━━━ Material provided

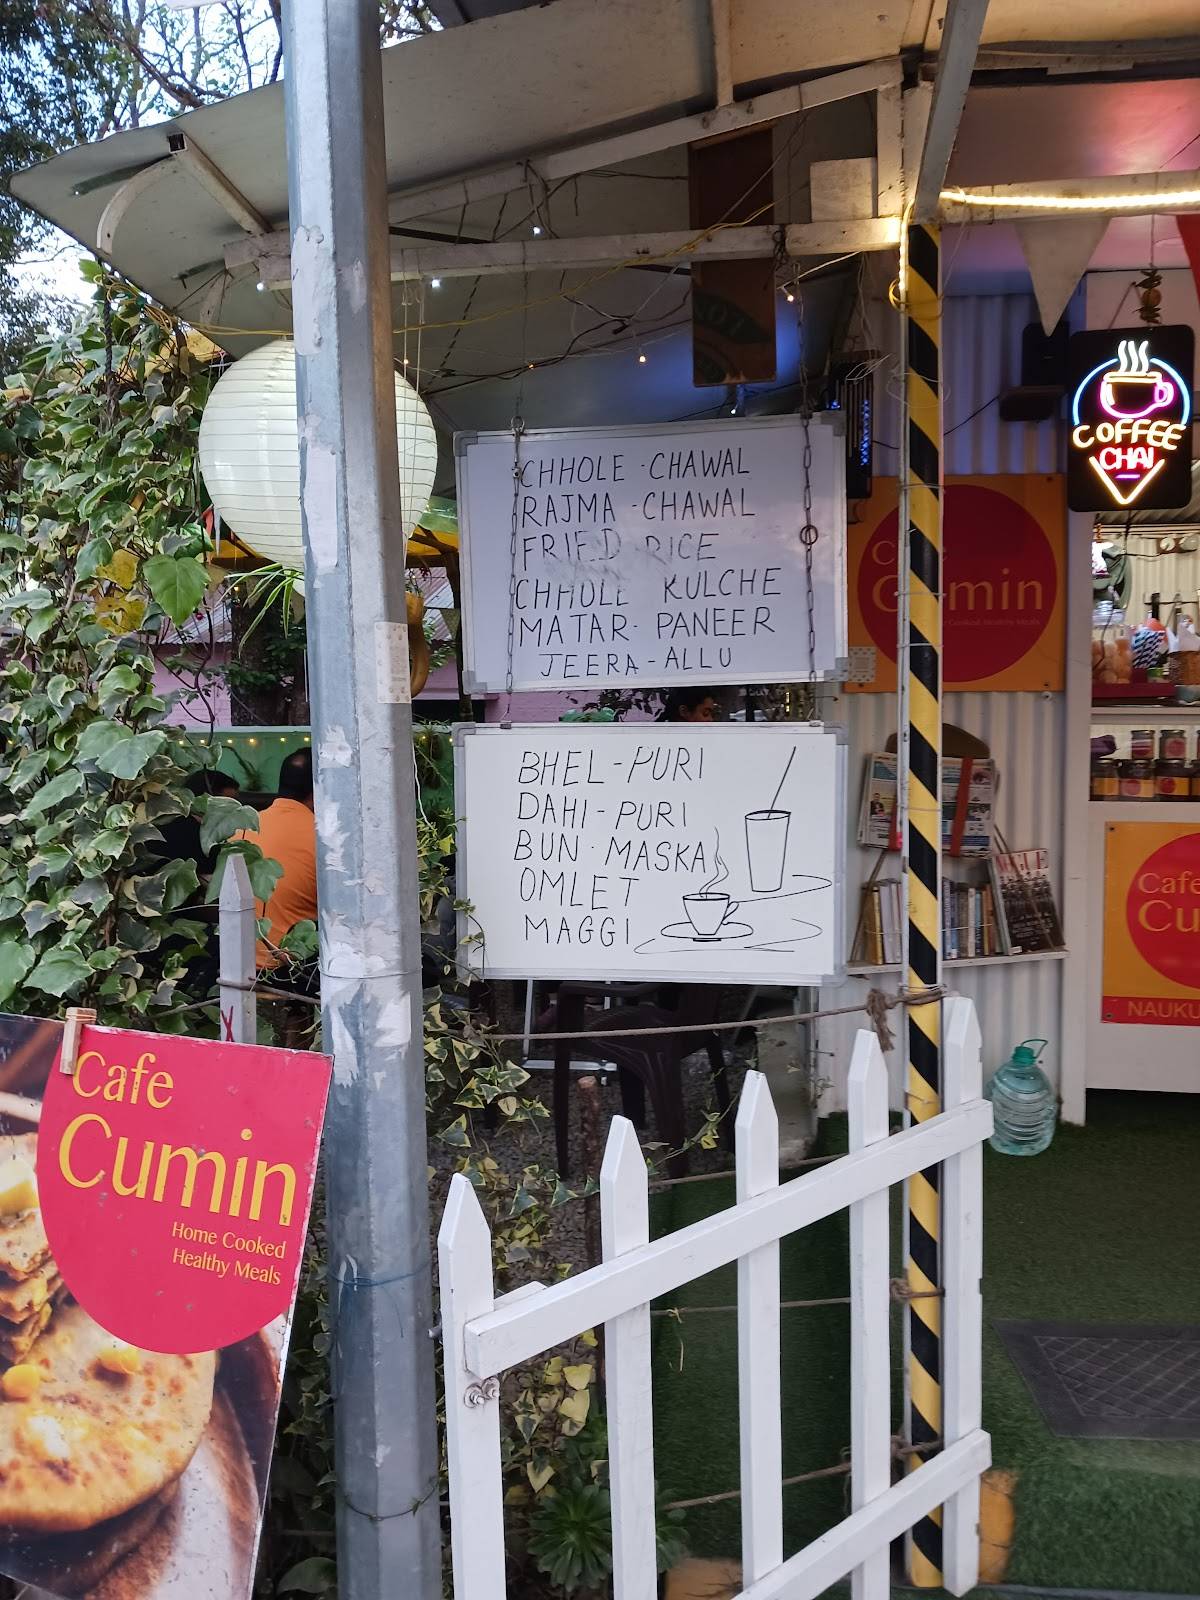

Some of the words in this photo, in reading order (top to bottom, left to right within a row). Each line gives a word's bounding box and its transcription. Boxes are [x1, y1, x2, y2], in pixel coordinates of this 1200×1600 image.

[1072, 418, 1187, 450] COFFEE
[519, 453, 626, 489] CHHOLE
[1099, 446, 1155, 470] CHAI
[521, 493, 617, 529] RAJMA
[663, 566, 783, 604] KULCHE
[656, 605, 776, 641] PANEER
[603, 835, 707, 875] MASKA
[518, 866, 640, 911] OMLET
[524, 914, 630, 948] MAGGI
[72, 1050, 174, 1109] Cafe
[59, 1112, 297, 1227] Cumin
[171, 1220, 217, 1246] Home
[221, 1230, 287, 1260] Cooked
[172, 1247, 230, 1279] Healthy
[234, 1260, 282, 1286] Meals
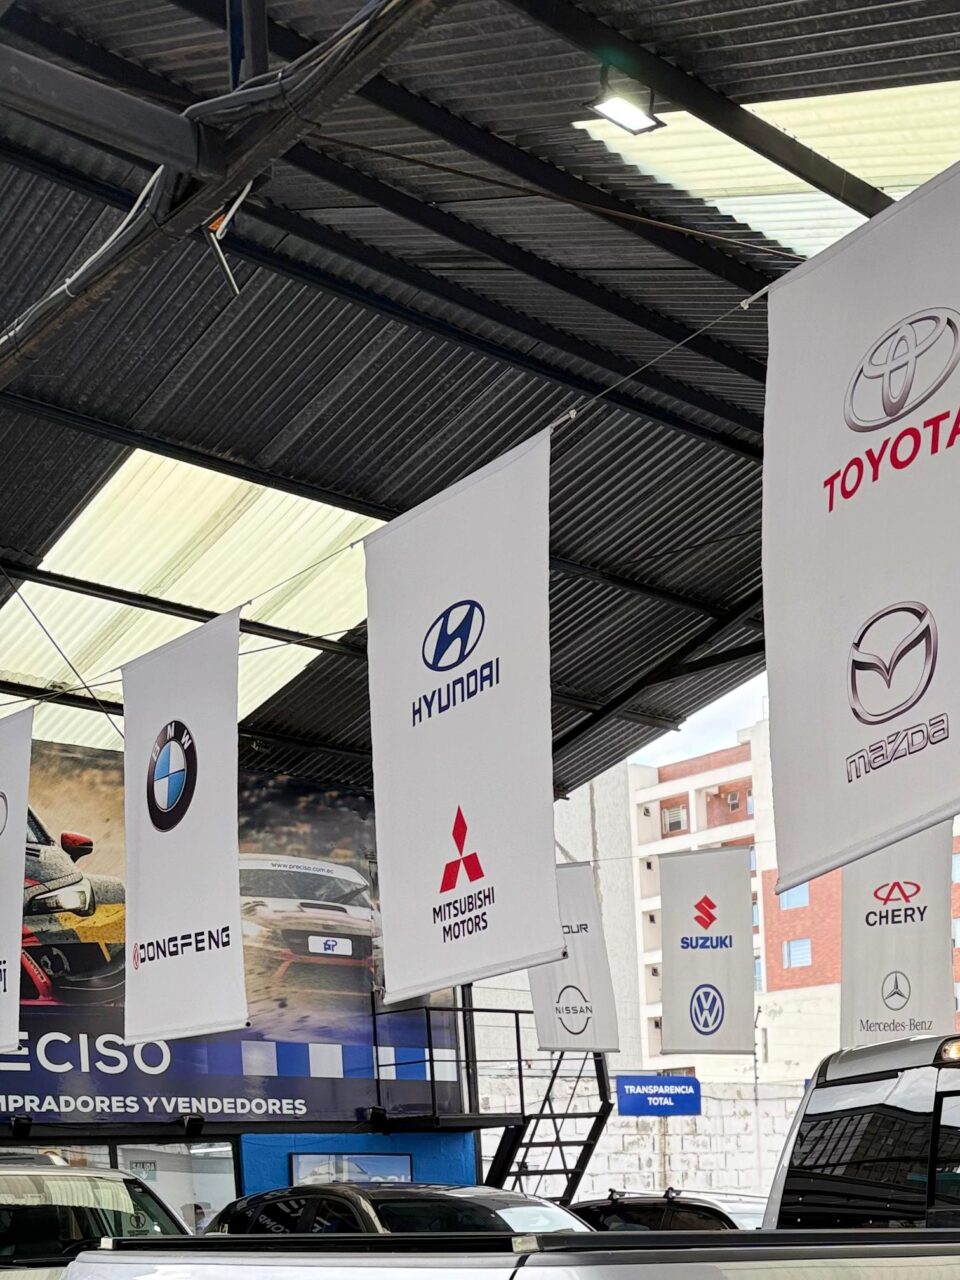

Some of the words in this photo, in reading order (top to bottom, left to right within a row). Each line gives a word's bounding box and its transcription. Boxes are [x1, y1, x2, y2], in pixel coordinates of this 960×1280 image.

[411, 657, 501, 727] HYUNDAI
[432, 886, 496, 925] MITSUBISHI
[865, 905, 928, 927] CHERY
[441, 911, 488, 943] MOTORS
[138, 925, 231, 964] DONGFENG
[680, 934, 732, 950] SUZUKI
[555, 1004, 593, 1015] NISSAN
[859, 1017, 933, 1033] Mercedes-Benz
[623, 1084, 694, 1095] TRANSPARENCIA
[142, 1096, 158, 1113] Y
[162, 1096, 307, 1116] VENDEDORES
[647, 1096, 675, 1107] TOTAL
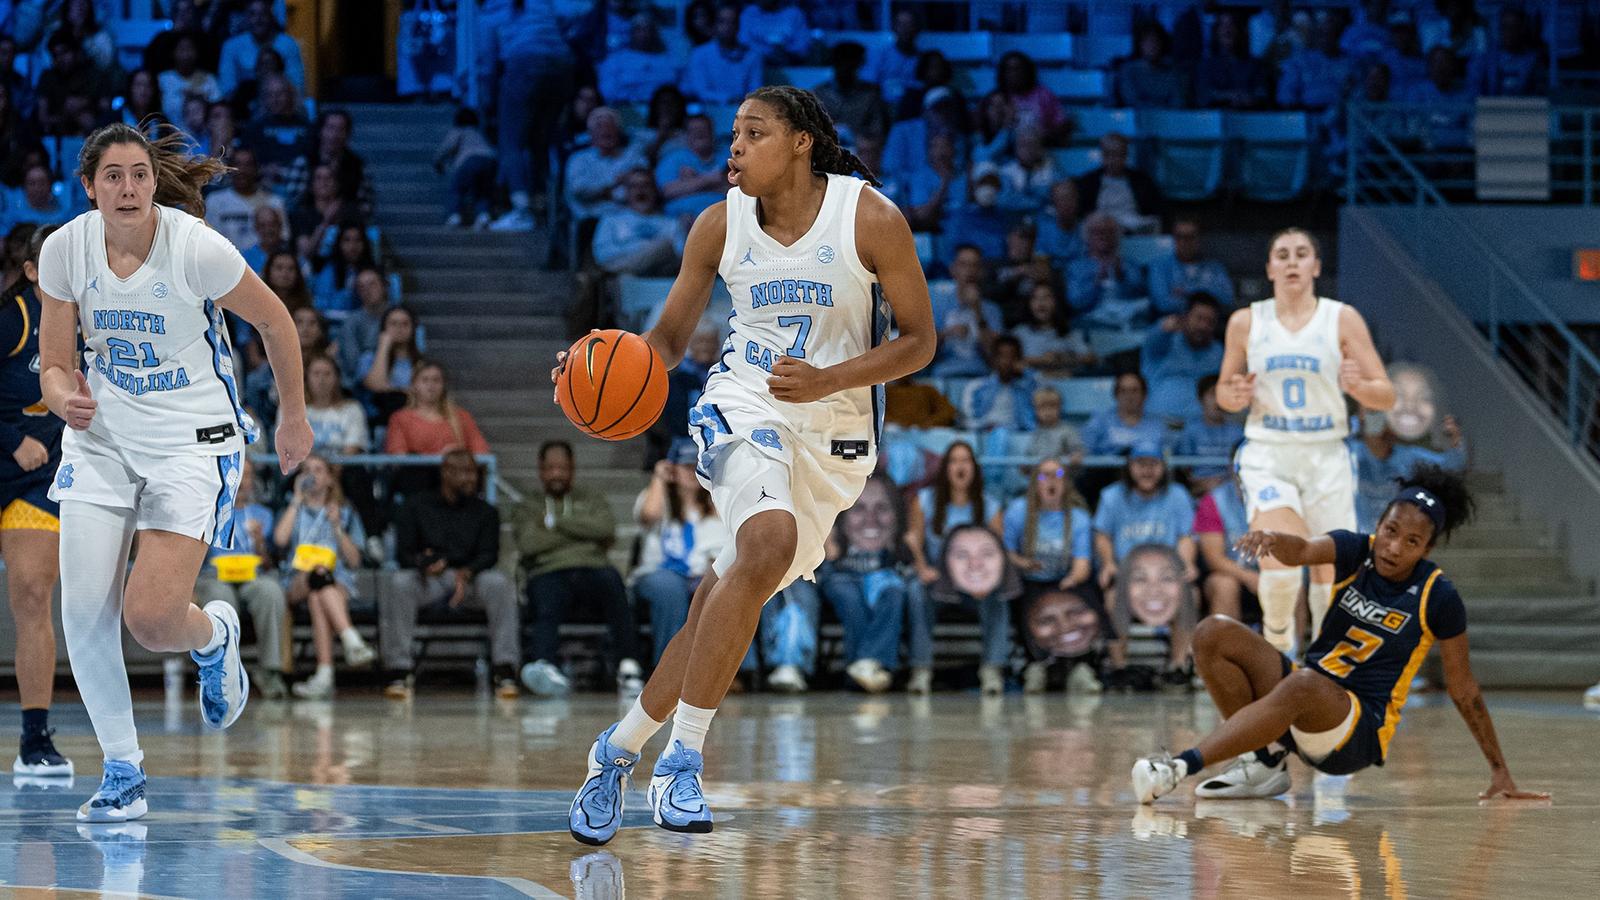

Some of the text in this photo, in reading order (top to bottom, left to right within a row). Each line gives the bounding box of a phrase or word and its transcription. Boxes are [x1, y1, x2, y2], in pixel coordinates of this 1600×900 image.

━━━━━━

(Required action) The data must come back word for word, with every picture removed.

(Expected answer)
Some of the words in this photo, in reading order (top to bottom, left to right within a row). Each line gives a word's bounding box and its transcription. Boxes are [x1, y1, x2, y2], in pixel coordinates of this 1200×1600 image.

[1072, 418, 1187, 450] COFFEE
[519, 453, 626, 489] CHHOLE
[1099, 446, 1155, 470] CHAI
[521, 493, 617, 529] RAJMA
[663, 566, 783, 604] KULCHE
[656, 605, 776, 641] PANEER
[603, 835, 707, 875] MASKA
[518, 866, 640, 911] OMLET
[524, 914, 630, 948] MAGGI
[72, 1050, 174, 1109] Cafe
[59, 1112, 297, 1227] Cumin
[171, 1220, 217, 1246] Home
[221, 1230, 287, 1260] Cooked
[172, 1247, 230, 1279] Healthy
[234, 1260, 282, 1286] Meals

Some of the words in this photo, in reading order (top to bottom, left to right within a row). Each line gives a word's bounding box and its transcription. Boxes are [x1, y1, x2, y2], in pixel coordinates of this 960×1280 image.

[411, 657, 501, 727] HYUNDAI
[432, 886, 496, 925] MITSUBISHI
[865, 905, 928, 927] CHERY
[441, 911, 488, 943] MOTORS
[138, 925, 231, 964] DONGFENG
[680, 934, 732, 950] SUZUKI
[555, 1004, 593, 1015] NISSAN
[859, 1017, 933, 1033] Mercedes-Benz
[623, 1084, 694, 1095] TRANSPARENCIA
[142, 1096, 158, 1113] Y
[162, 1096, 307, 1116] VENDEDORES
[647, 1096, 675, 1107] TOTAL

Some of the text in this photo, in reading order (top to bottom, left to right within a row). Each line gives the bounding box of a phrase or word and its transcription. Boxes are [x1, y1, x2, y2], in pixel coordinates of this 1600×900 image.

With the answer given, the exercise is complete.